• [WORK INSTRUCTIONS]: Your reply should be the full listing, copied exactly.

• [DATA SHOWN]:
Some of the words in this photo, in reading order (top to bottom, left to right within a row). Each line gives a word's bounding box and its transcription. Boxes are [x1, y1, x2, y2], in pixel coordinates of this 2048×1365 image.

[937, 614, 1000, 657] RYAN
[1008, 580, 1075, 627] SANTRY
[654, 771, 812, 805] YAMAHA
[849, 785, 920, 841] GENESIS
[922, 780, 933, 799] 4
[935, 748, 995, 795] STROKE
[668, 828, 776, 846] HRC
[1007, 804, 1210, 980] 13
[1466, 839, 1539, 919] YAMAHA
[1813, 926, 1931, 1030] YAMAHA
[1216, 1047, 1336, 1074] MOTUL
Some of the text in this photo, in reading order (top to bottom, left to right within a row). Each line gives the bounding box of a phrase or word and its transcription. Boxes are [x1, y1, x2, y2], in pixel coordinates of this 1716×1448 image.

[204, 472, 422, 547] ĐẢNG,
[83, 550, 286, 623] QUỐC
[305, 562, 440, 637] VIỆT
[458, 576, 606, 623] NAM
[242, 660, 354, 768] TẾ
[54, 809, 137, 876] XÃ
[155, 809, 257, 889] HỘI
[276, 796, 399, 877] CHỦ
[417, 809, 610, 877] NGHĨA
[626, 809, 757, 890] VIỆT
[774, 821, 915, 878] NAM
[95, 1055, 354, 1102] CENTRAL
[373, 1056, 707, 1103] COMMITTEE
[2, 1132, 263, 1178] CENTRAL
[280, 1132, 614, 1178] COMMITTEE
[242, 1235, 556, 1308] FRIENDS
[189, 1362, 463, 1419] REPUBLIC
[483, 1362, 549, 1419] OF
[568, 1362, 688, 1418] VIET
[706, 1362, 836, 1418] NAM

• [RESULT OF THE TASK]:
Some of the words in this photo, in reading order (top to bottom, left to right within a row). Each line gives a word's bounding box and its transcription. Boxes are [x1, y1, x2, y2], in pixel coordinates of this 2048×1365 image.

[937, 614, 1000, 657] RYAN
[1008, 580, 1075, 627] SANTRY
[654, 771, 812, 805] YAMAHA
[849, 785, 920, 841] GENESIS
[922, 780, 933, 799] 4
[935, 748, 995, 795] STROKE
[668, 828, 776, 846] HRC
[1007, 804, 1210, 980] 13
[1466, 839, 1539, 919] YAMAHA
[1813, 926, 1931, 1030] YAMAHA
[1216, 1047, 1336, 1074] MOTUL
Some of the text in this photo, in reading order (top to bottom, left to right within a row). Each line gives the bounding box of a phrase or word and its transcription. Boxes are [x1, y1, x2, y2], in pixel coordinates of this 1716×1448 image.

[204, 472, 422, 547] ĐẢNG,
[83, 550, 286, 623] QUỐC
[305, 562, 440, 637] VIỆT
[458, 576, 606, 623] NAM
[242, 660, 354, 768] TẾ
[54, 809, 137, 876] XÃ
[155, 809, 257, 889] HỘI
[276, 796, 399, 877] CHỦ
[417, 809, 610, 877] NGHĨA
[626, 809, 757, 890] VIỆT
[774, 821, 915, 878] NAM
[95, 1055, 354, 1102] CENTRAL
[373, 1056, 707, 1103] COMMITTEE
[2, 1132, 263, 1178] CENTRAL
[280, 1132, 614, 1178] COMMITTEE
[242, 1235, 556, 1308] FRIENDS
[189, 1362, 463, 1419] REPUBLIC
[483, 1362, 549, 1419] OF
[568, 1362, 688, 1418] VIET
[706, 1362, 836, 1418] NAM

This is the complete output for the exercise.